### Your assignment
Every entry should come back exactly as written, minus the pictures.

[Data listing]

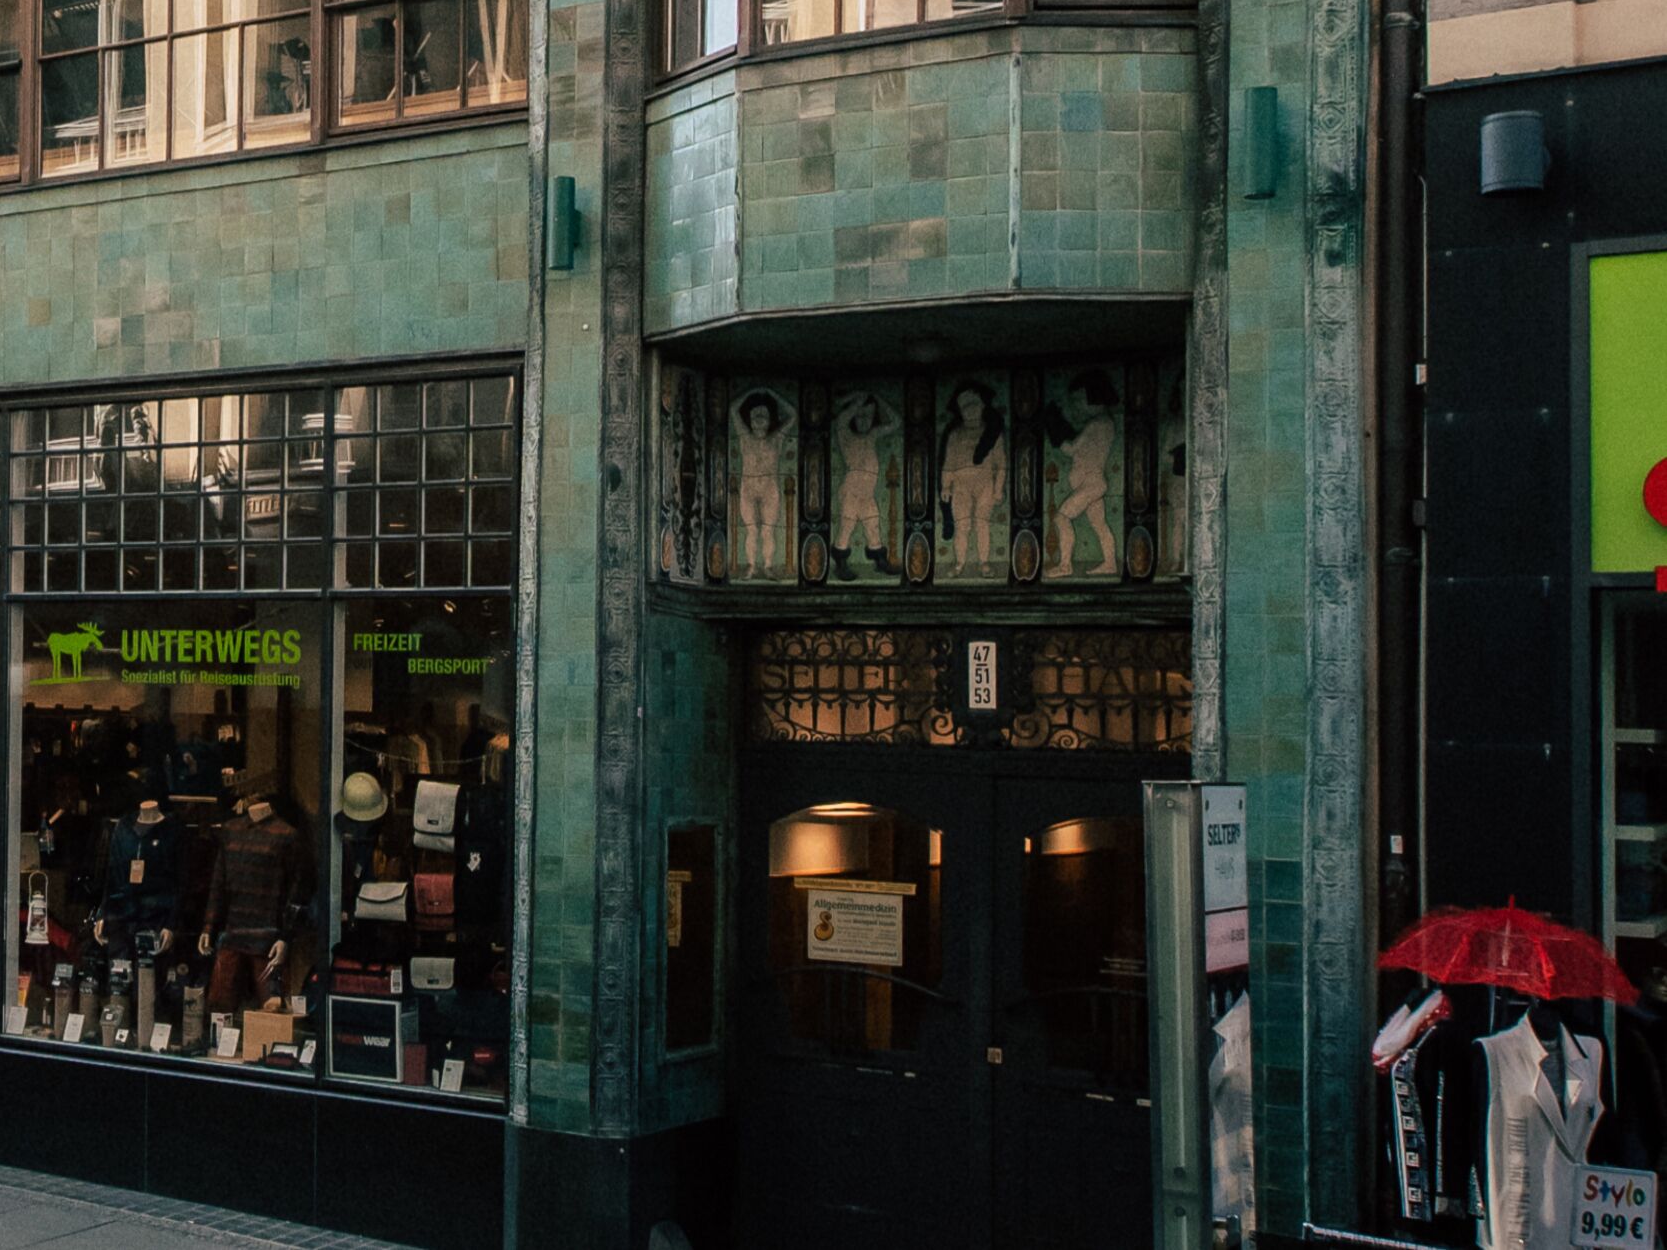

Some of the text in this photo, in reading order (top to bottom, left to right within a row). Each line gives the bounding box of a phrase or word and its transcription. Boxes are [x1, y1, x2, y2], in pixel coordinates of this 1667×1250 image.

[122, 630, 301, 665] UNTERWEGS
[354, 633, 423, 651] FREIZEIT
[973, 645, 991, 662] 47
[408, 658, 489, 674] BERGSPORT
[122, 669, 301, 688] Spezialist für Reiseausrüstung
[973, 668, 991, 685] 51
[973, 688, 991, 705] 53
[813, 898, 897, 914] Allgemeinmedizin
[1583, 1174, 1646, 1208] Stylo
[1581, 1211, 1644, 1240] 9,99 €

[/Data listing]

### Answer for the task
Some of the text in this photo, in reading order (top to bottom, left to right within a row). Each line gives the bounding box of a phrase or word and its transcription. Boxes are [x1, y1, x2, y2], in pixel coordinates of this 1667×1250 image.

[122, 630, 301, 665] UNTERWEGS
[354, 633, 423, 651] FREIZEIT
[973, 645, 991, 662] 47
[408, 658, 489, 674] BERGSPORT
[122, 669, 301, 688] Spezialist für Reiseausrüstung
[973, 668, 991, 685] 51
[973, 688, 991, 705] 53
[813, 898, 897, 914] Allgemeinmedizin
[1583, 1174, 1646, 1208] Stylo
[1581, 1211, 1644, 1240] 9,99 €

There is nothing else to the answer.